What is being asked:
This exercise calls for all the entries that follow to be set down exactly, without their images.

(Available data begins)

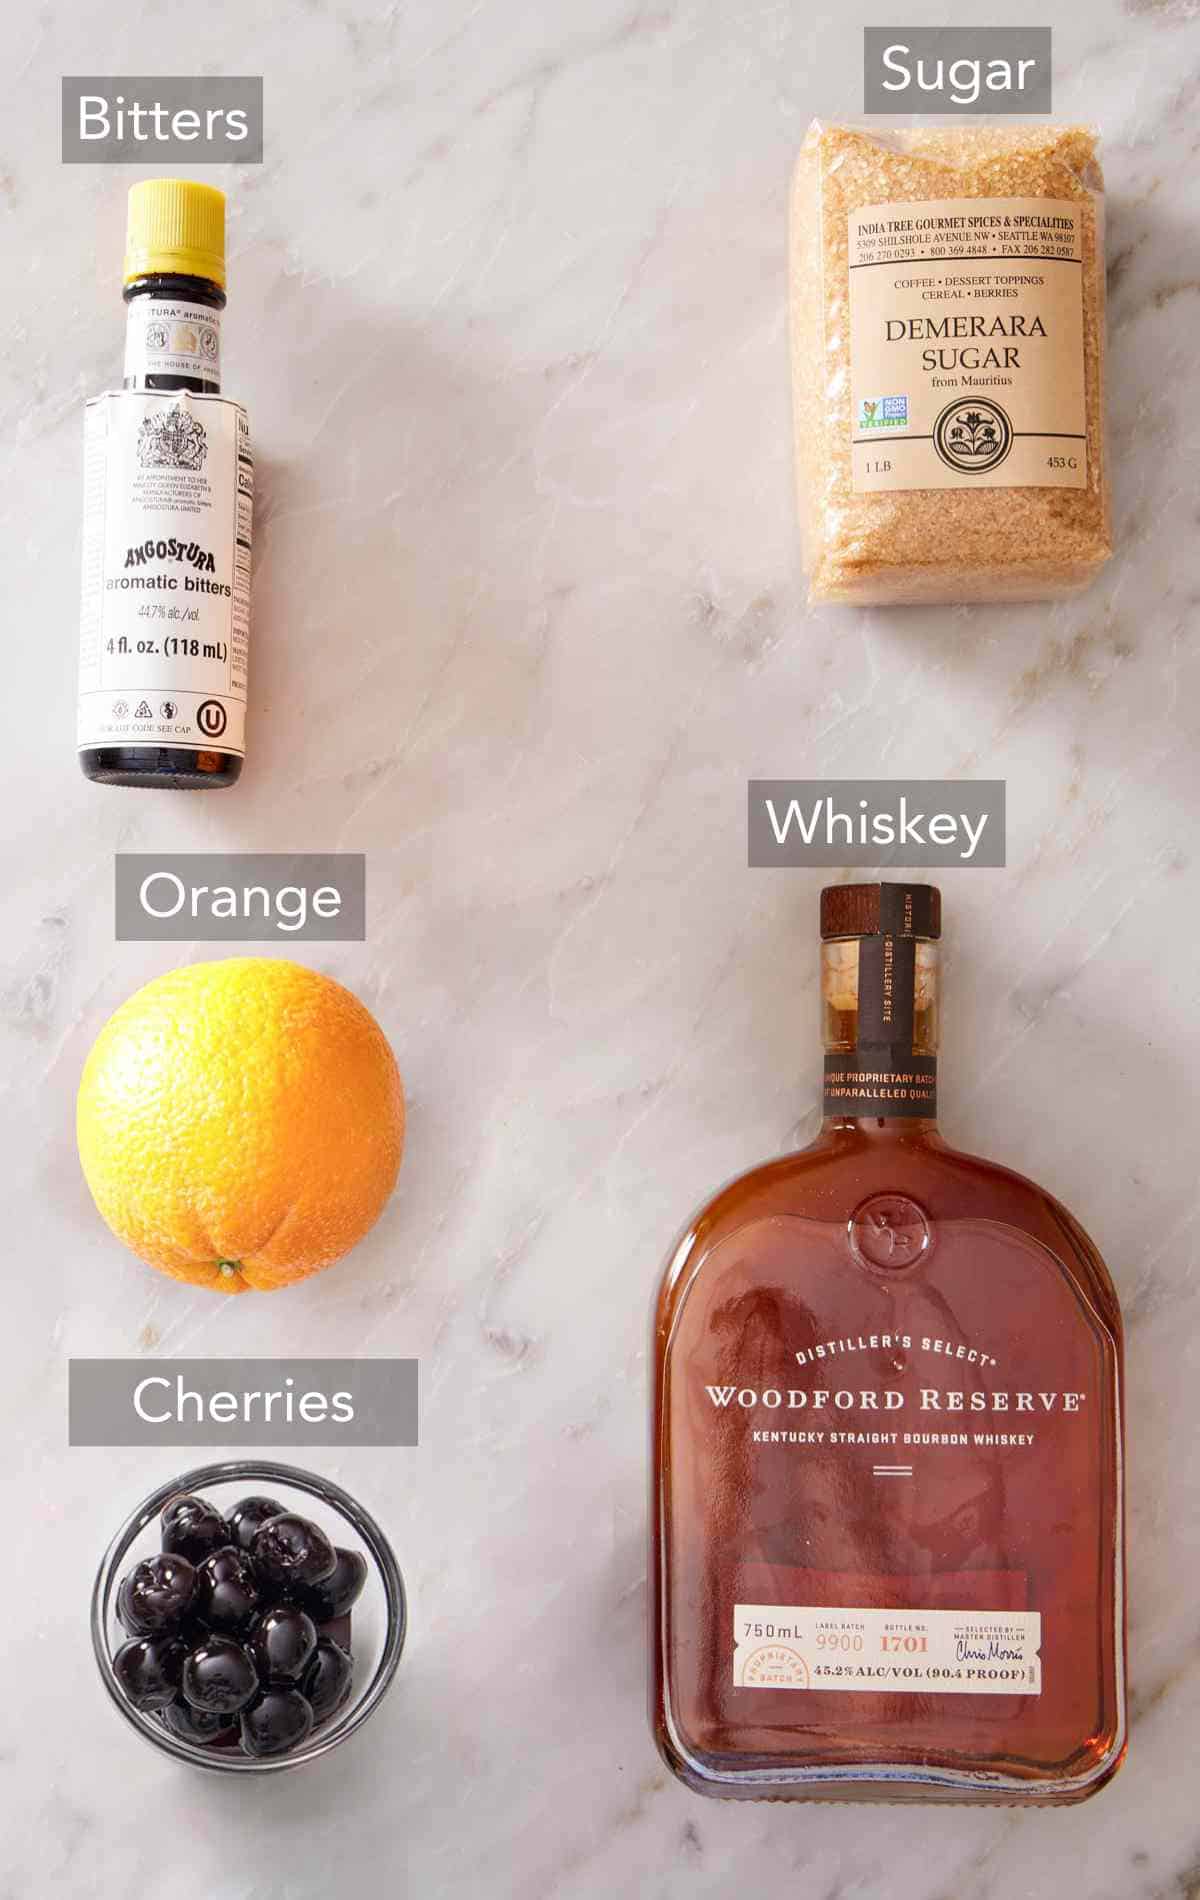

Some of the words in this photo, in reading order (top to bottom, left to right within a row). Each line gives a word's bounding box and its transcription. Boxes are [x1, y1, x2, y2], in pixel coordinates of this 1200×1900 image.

[858, 223, 885, 237] INDIA
[887, 220, 913, 233] TREE
[916, 217, 966, 230] GOURMET
[968, 216, 1001, 228] SPICES
[1003, 215, 1011, 227] &
[1013, 216, 1074, 230] SPECIALITIES
[878, 234, 931, 247] SHILSHOLE
[933, 232, 972, 243] AVENUE
[974, 232, 990, 241] NW
[998, 232, 1038, 241] SEATTLE
[1040, 232, 1053, 242] WA
[894, 248, 915, 258] 0293
[930, 246, 946, 256] 800
[948, 246, 964, 256] 369
[967, 245, 988, 254] 4848
[1002, 244, 1020, 254] FAX
[1024, 244, 1039, 254] 206
[1041, 245, 1055, 255] 282
[894, 278, 936, 289] COFFEE
[945, 276, 992, 286] DESSERT
[995, 275, 1044, 285] TOPPINGS
[922, 290, 965, 300] CEREAL
[974, 289, 1019, 298] BERRIES
[885, 315, 1047, 342] DEMERARA
[922, 347, 1021, 371] SUGAR
[931, 375, 958, 388] from
[961, 374, 1013, 387] Mauritius
[866, 463, 871, 473] 1
[875, 460, 892, 472] LB
[1046, 457, 1065, 469] 453
[1067, 458, 1078, 469] G
[124, 537, 216, 573] ANGOSTURA
[106, 574, 178, 590] aromatic
[184, 575, 232, 598] bitters
[106, 638, 114, 655] 4
[118, 636, 132, 654] fl.
[137, 640, 159, 654] oz.
[164, 637, 199, 657] (118
[203, 641, 227, 664] mL)
[846, 1072, 913, 1083] PROPRIETARY
[830, 1087, 907, 1098] UNPARALLELED
[795, 1335, 912, 1366] DISTILLER'S
[704, 1385, 905, 1410] WOODFORD
[753, 1431, 824, 1444] KENTUCKY
[829, 1431, 898, 1445] STRAIGHT
[903, 1432, 968, 1445] BOURBON
[974, 1433, 1034, 1446] WHISKEY
[744, 1623, 803, 1639] 750mL
[954, 1633, 983, 1641] MASTER
[986, 1633, 1025, 1641] DISTILLER
[816, 1634, 863, 1651] 9900
[880, 1636, 929, 1653] 1701
[956, 1641, 986, 1662] Chris
[814, 1665, 851, 1676] 45.2%
[855, 1667, 922, 1678] ALC/VOL
[926, 1668, 961, 1680] (90.4
[966, 1669, 1025, 1681] PROOF)

(Available data ends)

Result below:
Some of the words in this photo, in reading order (top to bottom, left to right within a row). Each line gives a word's bounding box and its transcription. Boxes are [x1, y1, x2, y2], in pixel coordinates of this 1200×1900 image.

[858, 223, 885, 237] INDIA
[887, 220, 913, 233] TREE
[916, 217, 966, 230] GOURMET
[968, 216, 1001, 228] SPICES
[1003, 215, 1011, 227] &
[1013, 216, 1074, 230] SPECIALITIES
[878, 234, 931, 247] SHILSHOLE
[933, 232, 972, 243] AVENUE
[974, 232, 990, 241] NW
[998, 232, 1038, 241] SEATTLE
[1040, 232, 1053, 242] WA
[894, 248, 915, 258] 0293
[930, 246, 946, 256] 800
[948, 246, 964, 256] 369
[967, 245, 988, 254] 4848
[1002, 244, 1020, 254] FAX
[1024, 244, 1039, 254] 206
[1041, 245, 1055, 255] 282
[894, 278, 936, 289] COFFEE
[945, 276, 992, 286] DESSERT
[995, 275, 1044, 285] TOPPINGS
[922, 290, 965, 300] CEREAL
[974, 289, 1019, 298] BERRIES
[885, 315, 1047, 342] DEMERARA
[922, 347, 1021, 371] SUGAR
[931, 375, 958, 388] from
[961, 374, 1013, 387] Mauritius
[866, 463, 871, 473] 1
[875, 460, 892, 472] LB
[1046, 457, 1065, 469] 453
[1067, 458, 1078, 469] G
[124, 537, 216, 573] ANGOSTURA
[106, 574, 178, 590] aromatic
[184, 575, 232, 598] bitters
[106, 638, 114, 655] 4
[118, 636, 132, 654] fl.
[137, 640, 159, 654] oz.
[164, 637, 199, 657] (118
[203, 641, 227, 664] mL)
[846, 1072, 913, 1083] PROPRIETARY
[830, 1087, 907, 1098] UNPARALLELED
[795, 1335, 912, 1366] DISTILLER'S
[704, 1385, 905, 1410] WOODFORD
[753, 1431, 824, 1444] KENTUCKY
[829, 1431, 898, 1445] STRAIGHT
[903, 1432, 968, 1445] BOURBON
[974, 1433, 1034, 1446] WHISKEY
[744, 1623, 803, 1639] 750mL
[954, 1633, 983, 1641] MASTER
[986, 1633, 1025, 1641] DISTILLER
[816, 1634, 863, 1651] 9900
[880, 1636, 929, 1653] 1701
[956, 1641, 986, 1662] Chris
[814, 1665, 851, 1676] 45.2%
[855, 1667, 922, 1678] ALC/VOL
[926, 1668, 961, 1680] (90.4
[966, 1669, 1025, 1681] PROOF)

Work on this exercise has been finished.